PROVIDED MATERIAL:

==================================================

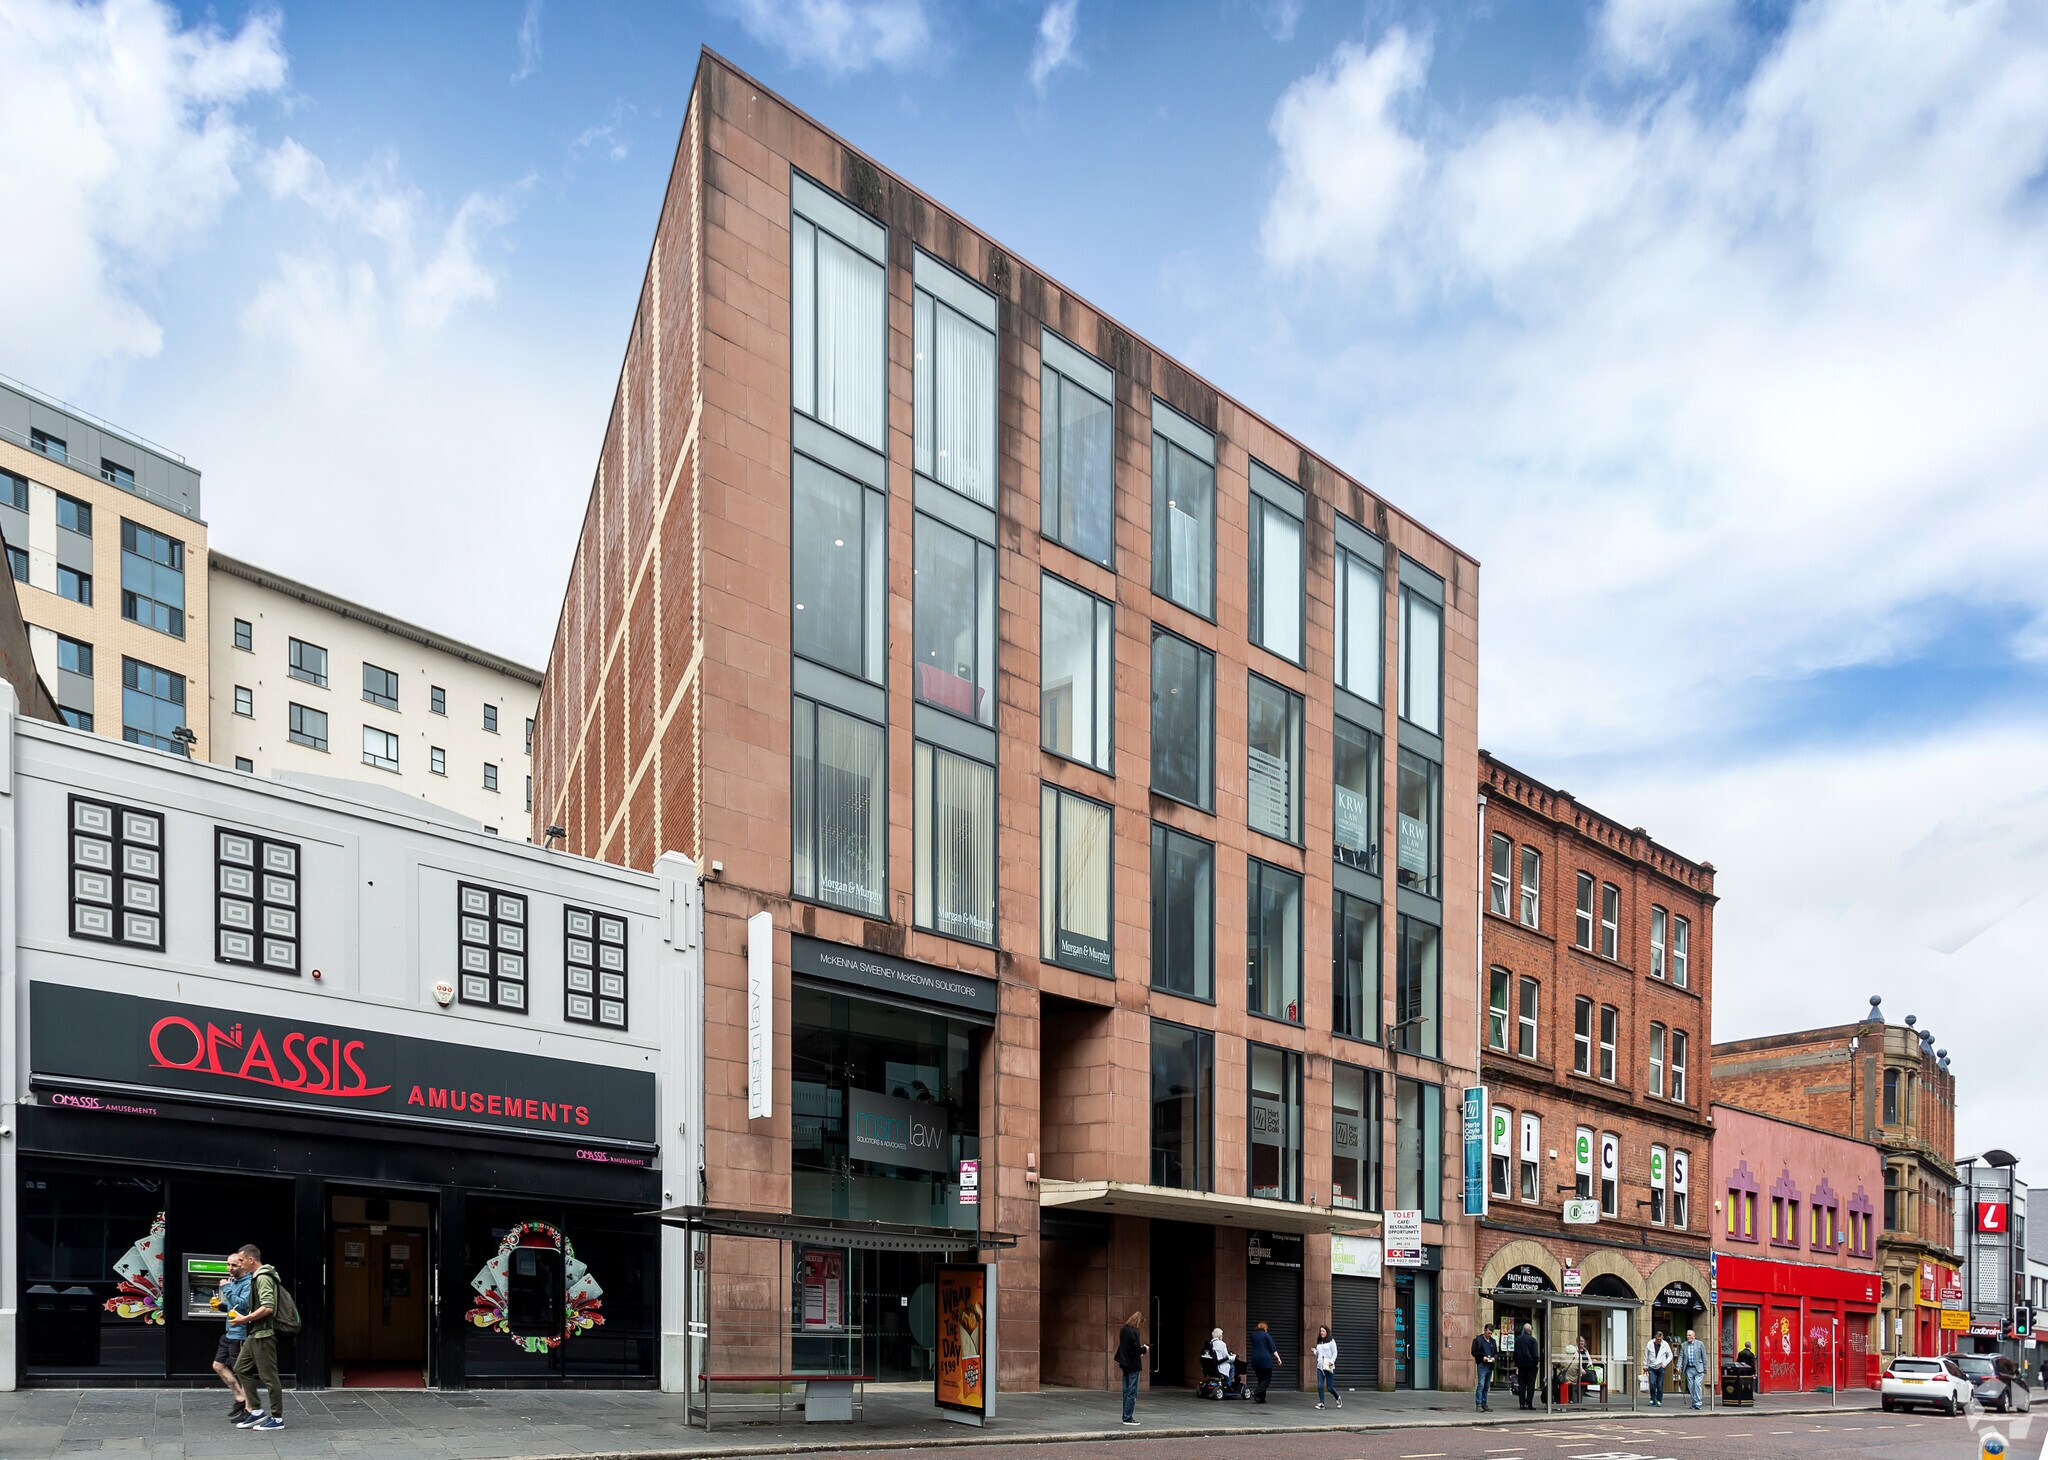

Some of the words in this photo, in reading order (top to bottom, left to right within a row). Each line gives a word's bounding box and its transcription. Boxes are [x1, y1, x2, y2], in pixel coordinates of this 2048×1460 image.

[1338, 792, 1364, 815] KRW
[1344, 810, 1359, 822] LAW
[1401, 819, 1425, 841] KRW
[1406, 837, 1420, 849] LAW
[820, 874, 848, 894] Morgan
[848, 881, 856, 894] &
[855, 883, 883, 904] Murphy
[938, 905, 963, 925] Morgan
[962, 912, 969, 925] &
[969, 913, 994, 933] Murphy
[1061, 939, 1083, 957] Morgan
[1083, 944, 1089, 957] &
[1089, 946, 1110, 964] Murphy
[820, 953, 859, 971] McKENNA
[859, 961, 896, 979] SWEENEY
[896, 971, 934, 988] McKEOWN
[934, 979, 976, 997] SOLICITORS
[148, 1015, 392, 1097] ONASSIS
[52, 1093, 104, 1109] ONASSIS
[105, 1104, 157, 1115] AMUSEMENTS
[407, 1084, 590, 1126] AMUSEMENTS
[856, 1111, 907, 1145] msm
[909, 1114, 943, 1150] law
[1465, 1127, 1481, 1135] Coyle
[857, 1135, 880, 1146] SOLICITORS
[884, 1141, 907, 1151] ADVOCATES
[610, 1157, 645, 1166] AMUSEMENTS
[1393, 1211, 1402, 1219] TO
[1403, 1211, 1415, 1219] LET
[1249, 1246, 1271, 1258] GREENHOUSE
[1332, 1252, 1356, 1265] GREENHOUSE
[1520, 1265, 1530, 1274] THE
[1507, 1273, 1522, 1282] FAITH
[1522, 1275, 1543, 1284] MISSION
[1511, 1282, 1539, 1291] BOOKSHOP
[1673, 1282, 1682, 1290] THE
[942, 1286, 971, 1314] WRAP
[1663, 1288, 1676, 1296] FAITH
[1675, 1289, 1692, 1298] MISSION
[1667, 1296, 1689, 1305] BOOKSHOP
[944, 1319, 958, 1342] THE
[943, 1338, 961, 1367] DAY
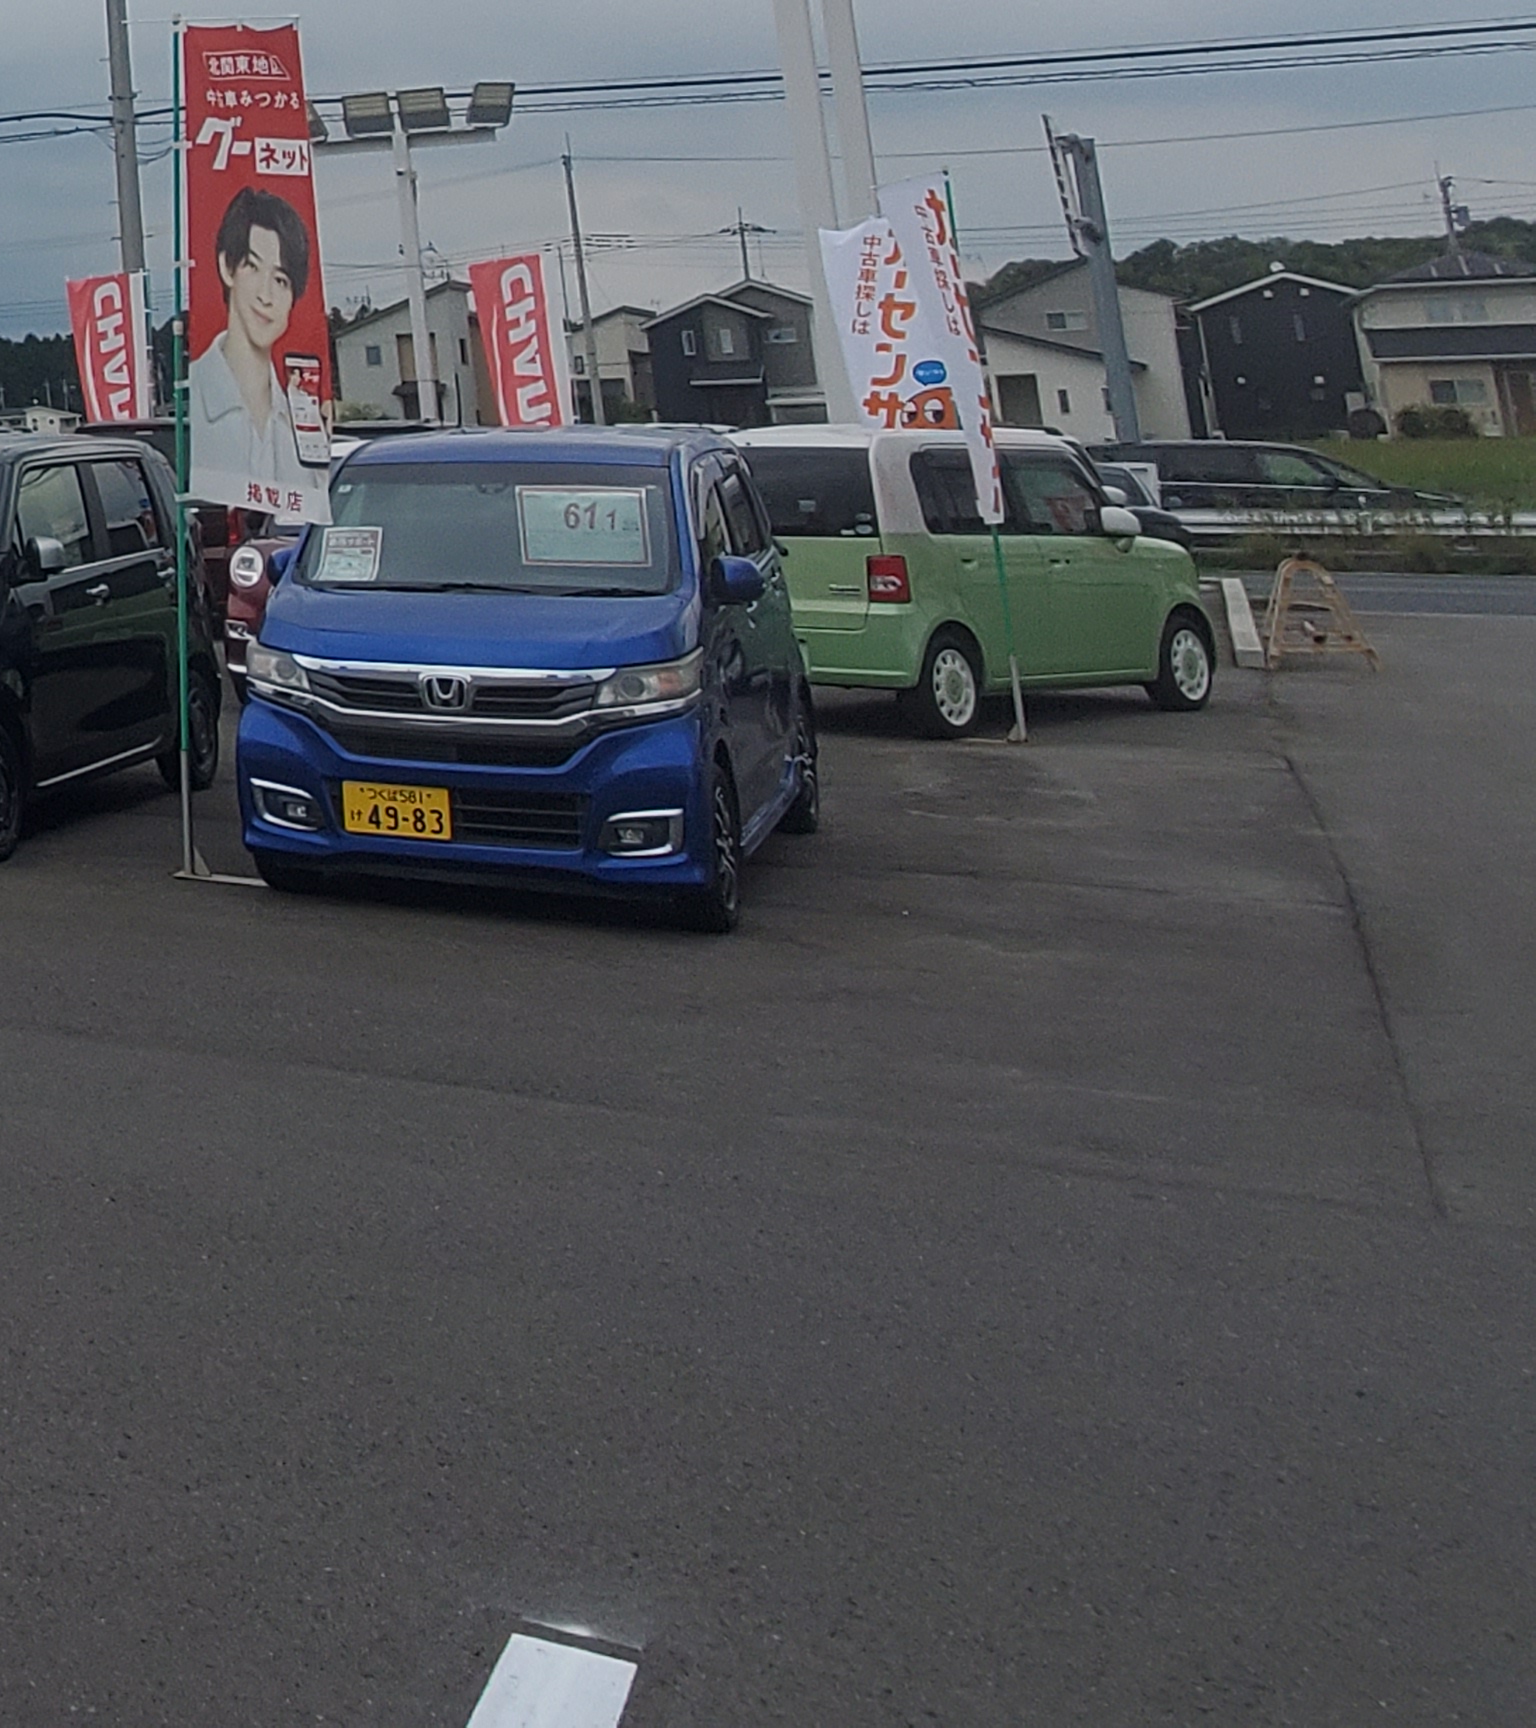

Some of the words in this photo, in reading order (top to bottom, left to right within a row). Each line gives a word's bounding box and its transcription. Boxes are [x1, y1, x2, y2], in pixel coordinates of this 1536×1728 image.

[851, 235, 881, 335] 中古車探しは
[350, 809, 363, 821] け
[368, 804, 444, 834] 49-83

==================================================

PROBLEM: Your task is to restate, word for word, the line with "this 1536×1728 image." and all lines after it, ending with the last line of the data.

WRITTEN ANSWER:
Some of the words in this photo, in reading order (top to bottom, left to right within a row). Each line gives a word's bounding box and its transcription. Boxes are [x1, y1, x2, y2], in pixel coordinates of this 1536×1728 image.

[851, 235, 881, 335] 中古車探しは
[350, 809, 363, 821] け
[368, 804, 444, 834] 49-83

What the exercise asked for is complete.